The Balkan Wars in 1912 and 1913, and the World War I (1914–1918) divided the region of Macedonia amongst the Kingdom of Greece, the Kingdom of Bulgaria and the Kingdom of Serbia. The territory was up until that time part of the Ottoman Empire. In those days, most of the minority Ottoman Macedonias' Slavic intelligentsia who had developed some sense of national consciousness considered themselves to be a part of the Bulgarian community. Although the affiliation of most Macedonian Slavs to different national camps was purely superficial and not ethnic, but rather political and flexible option imposed by the nationalist educational and religious propaganda or by terrorism.

From 1912 until 1915 the territory of Vardar Macedonia remained within the territory of Serbia. In the parts administered by Serbia the new authorities forced out most of the Bulgarian Exarchist priests and teachers, and began implementing a forceful state-sponsored Serbianisation of Slavic-speaking Macedonians. It was occupied by Kingdom of Bulgaria during World War I between 1915 and 1918. Afterwards it was restored back to Serbia and consequently included as part of the Vardar Banovina in the Kingdom of Yugoslavia. During that period, there were two main autonomist agendas.
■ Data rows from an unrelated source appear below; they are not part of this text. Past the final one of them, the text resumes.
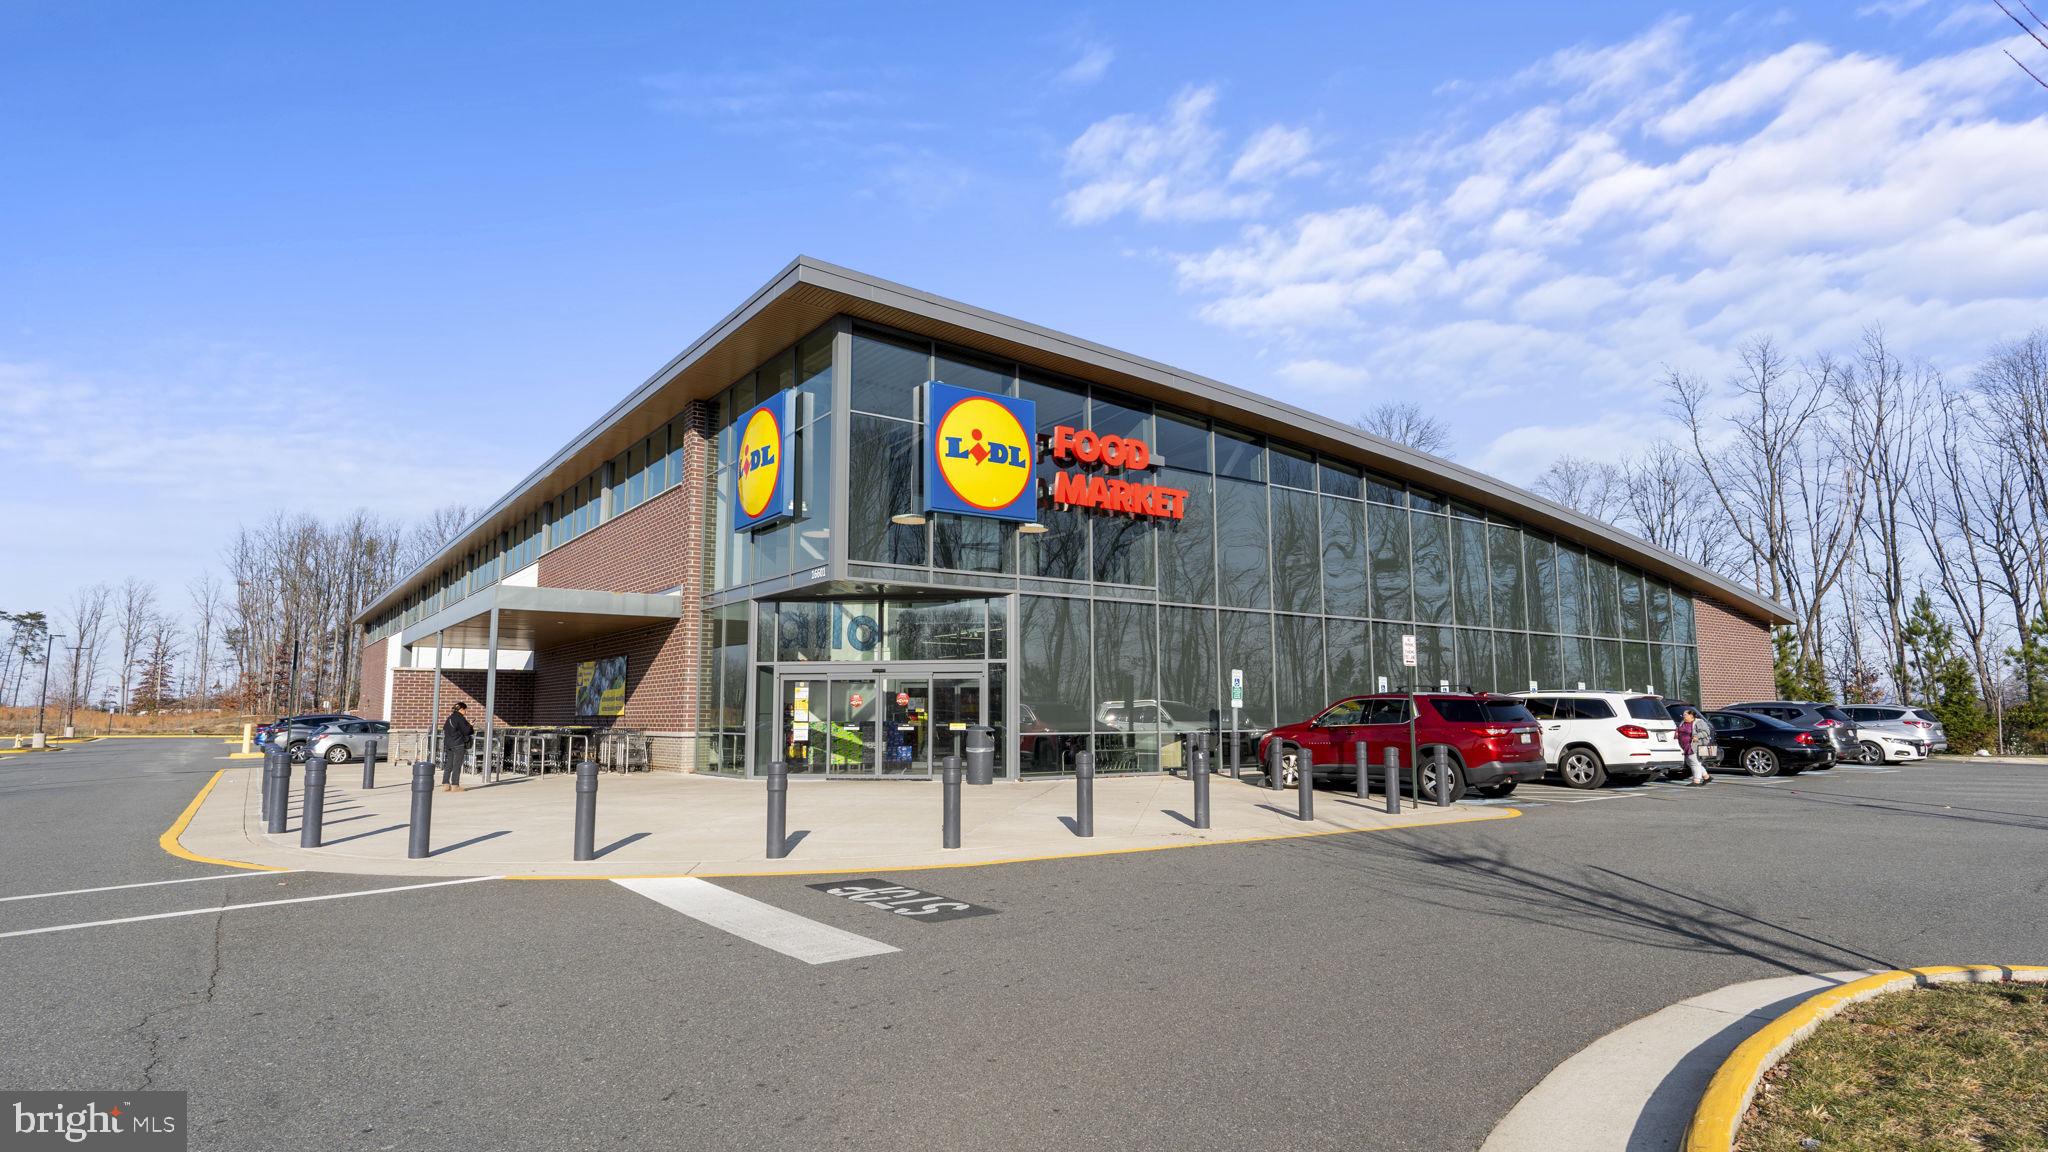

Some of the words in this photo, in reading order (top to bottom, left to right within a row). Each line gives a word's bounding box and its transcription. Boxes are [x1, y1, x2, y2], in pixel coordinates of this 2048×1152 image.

[1054, 425, 1150, 470] FOOD
[1054, 471, 1189, 520] MARKET
[826, 886, 970, 916] STOP
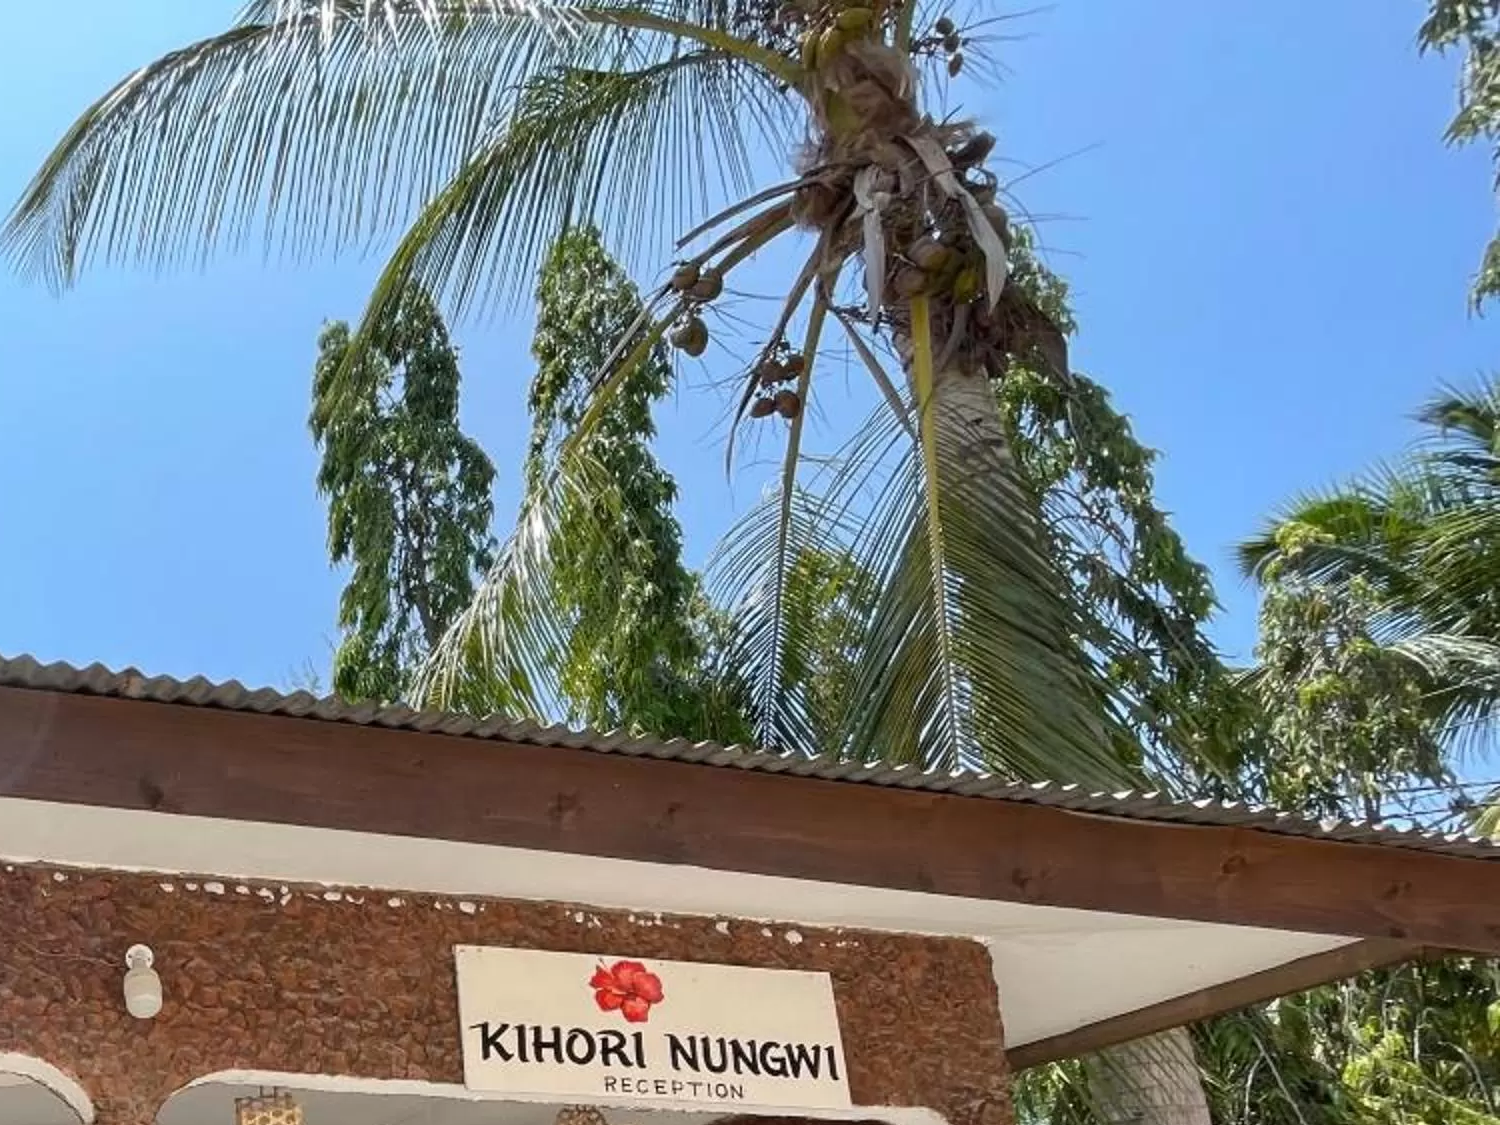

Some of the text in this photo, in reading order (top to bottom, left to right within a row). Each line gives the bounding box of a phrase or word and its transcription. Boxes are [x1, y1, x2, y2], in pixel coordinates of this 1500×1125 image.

[470, 1022, 840, 1081] KIHORI NUNGWI
[604, 1076, 744, 1100] RECEPTION
The right-wing Internal Macedonian Revolutionary Organization (IMRO) led by Ivan Mihailov, was in favor of the creation of a pro-Bulgarian Macedonian state under German and Italian protection. By 1928, Mihailov proposed a new plan calling for unification of Macedonia region into a single state, that would be independent from Bulgaria but with prevailing ethnic Bulgarian population. However the new state would to be supranational and cantonized, something as "Switzerland on the Balkans". Nevertheless, this IMRO continued to support Bulgarian irredentism until it was dissolved in the mid of 1930s.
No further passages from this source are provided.